Work instructions
If a record holds a picture, leave the picture out and copy everything else exactly.

Data extract
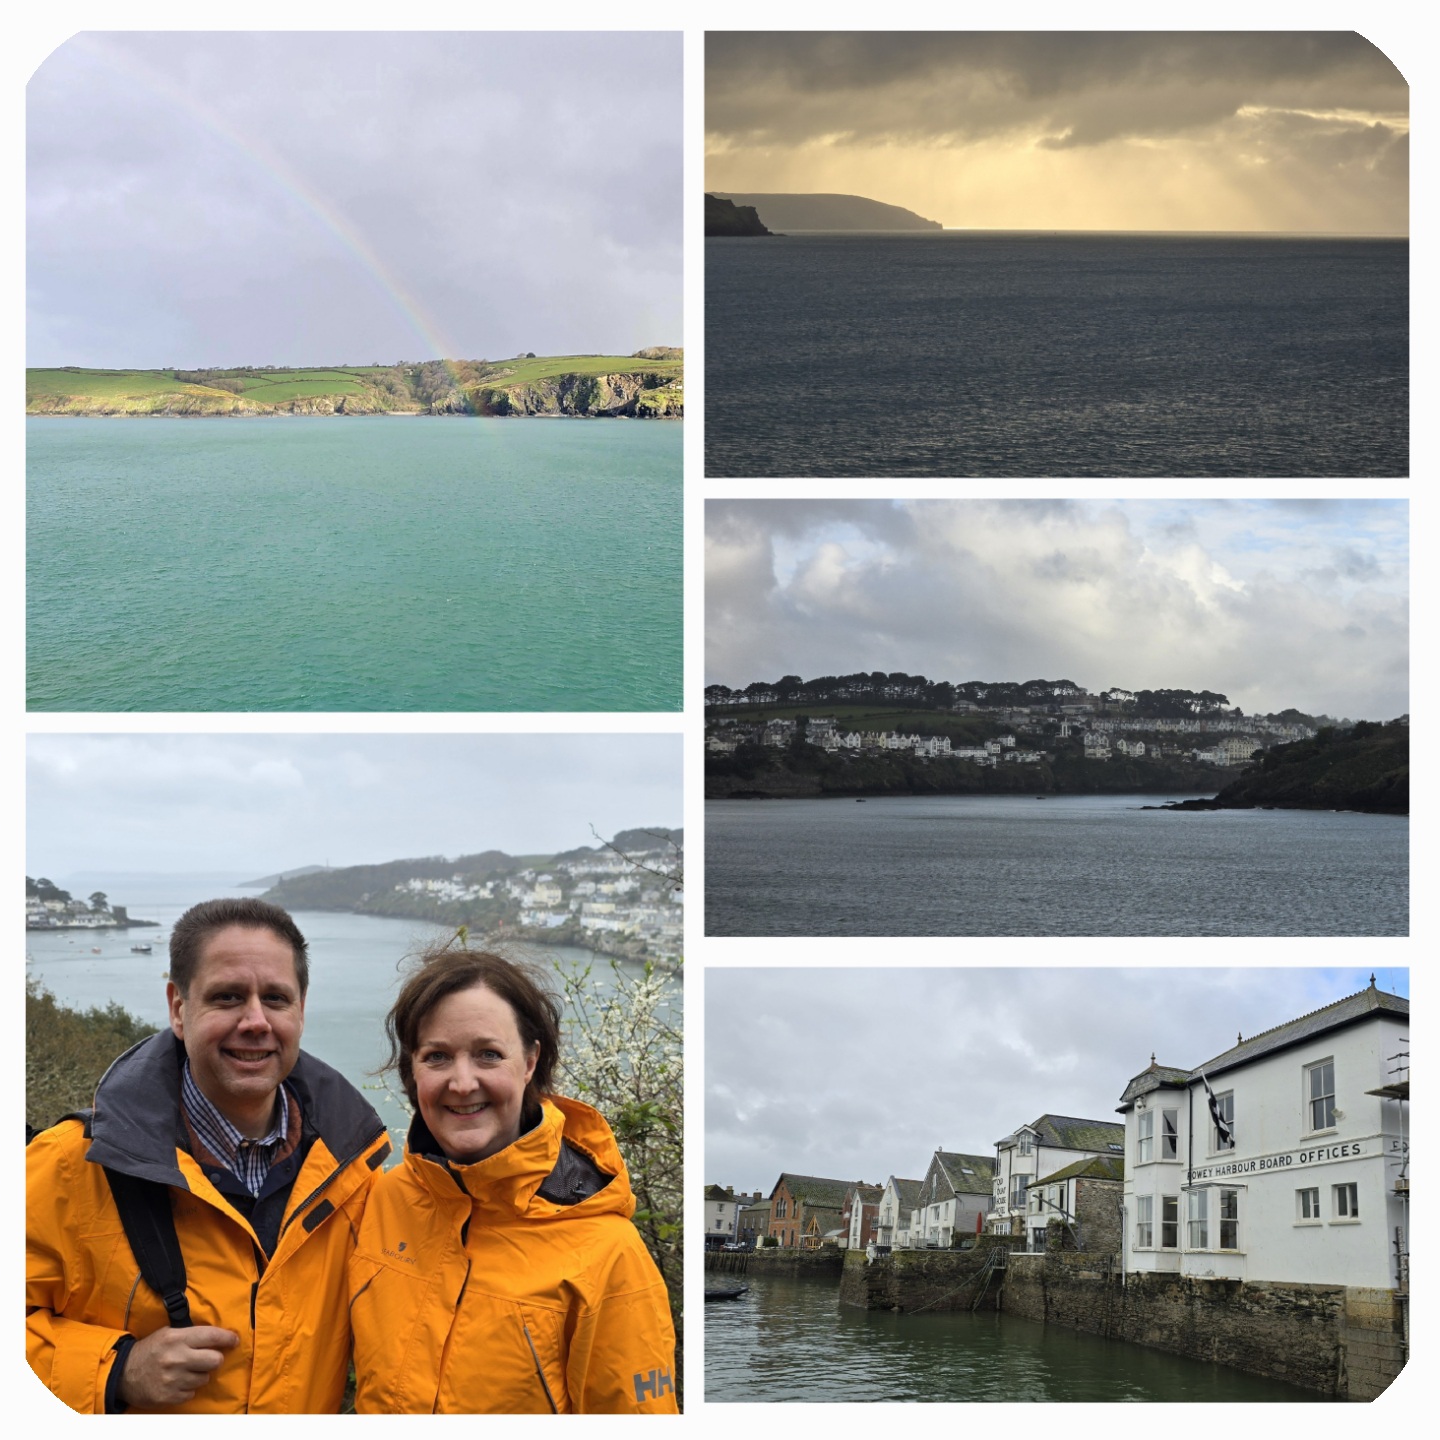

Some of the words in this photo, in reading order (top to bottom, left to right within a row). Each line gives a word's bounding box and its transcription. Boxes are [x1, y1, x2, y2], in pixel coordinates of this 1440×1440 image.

[1215, 1162, 1256, 1176] HARBOUR
[1259, 1156, 1293, 1170] BOARD
[1299, 1144, 1360, 1163] OFFICES
[633, 1365, 675, 1403] HH
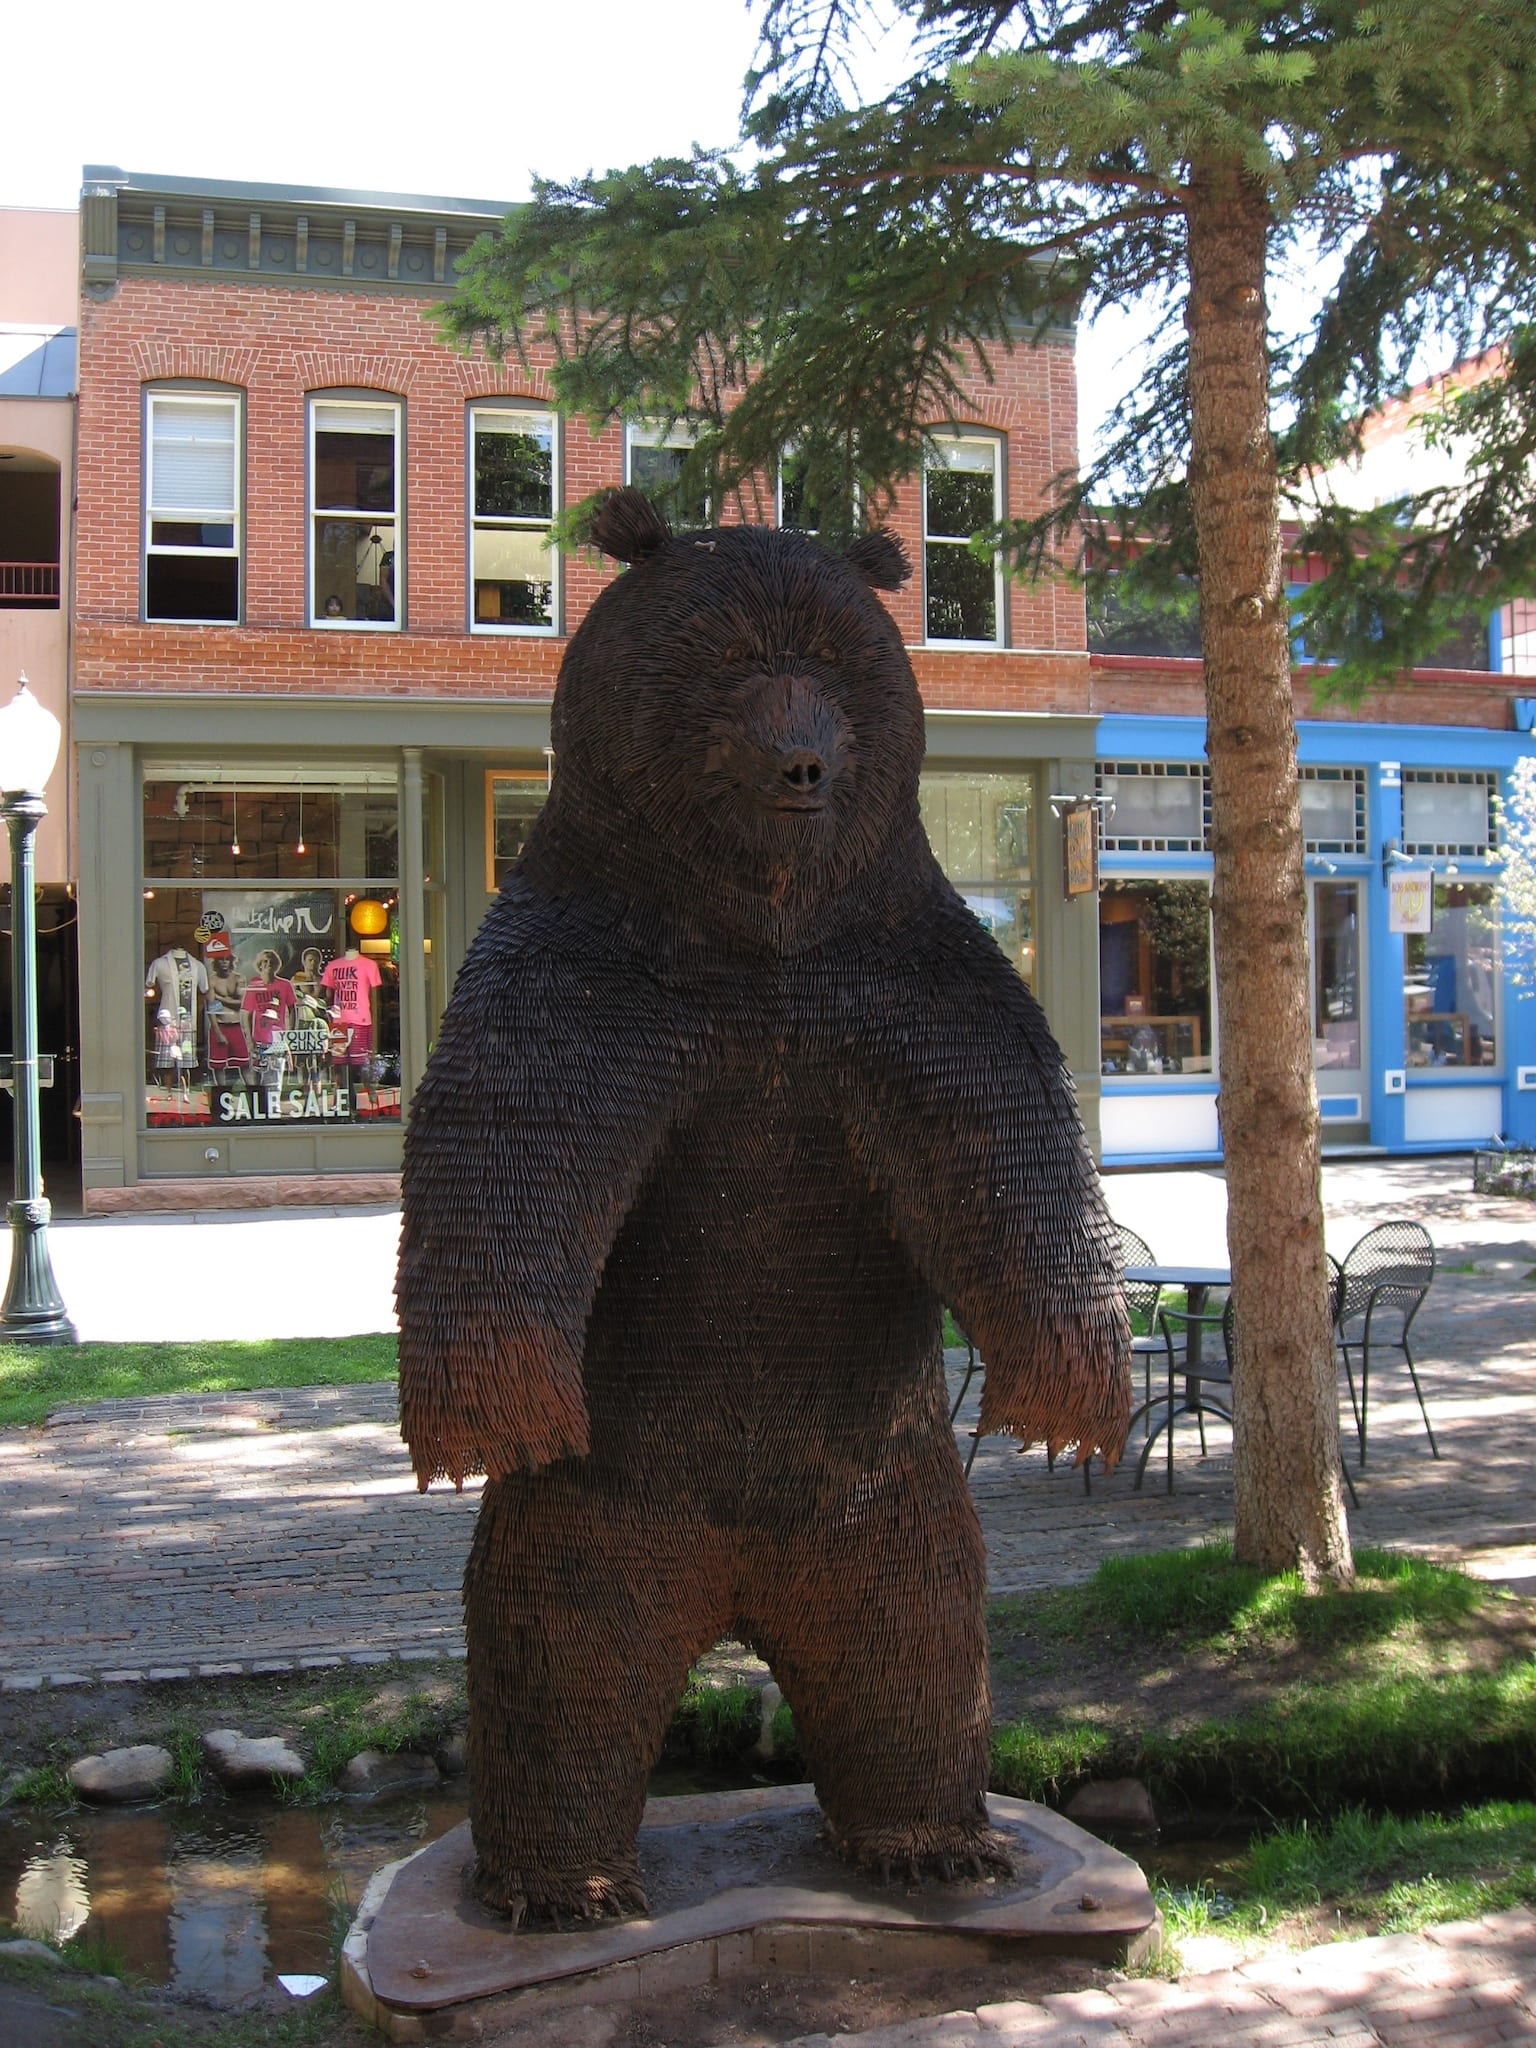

Response to the exercise
Some of the words in this photo, in reading order (top to bottom, left to right within a row). Each line gives a word's bounding box and its transcription. Boxes are [x1, y1, x2, y2], in pixel coordinates of this 1440×1440 image.

[1215, 1162, 1256, 1176] HARBOUR
[1259, 1156, 1293, 1170] BOARD
[1299, 1144, 1360, 1163] OFFICES
[633, 1365, 675, 1403] HH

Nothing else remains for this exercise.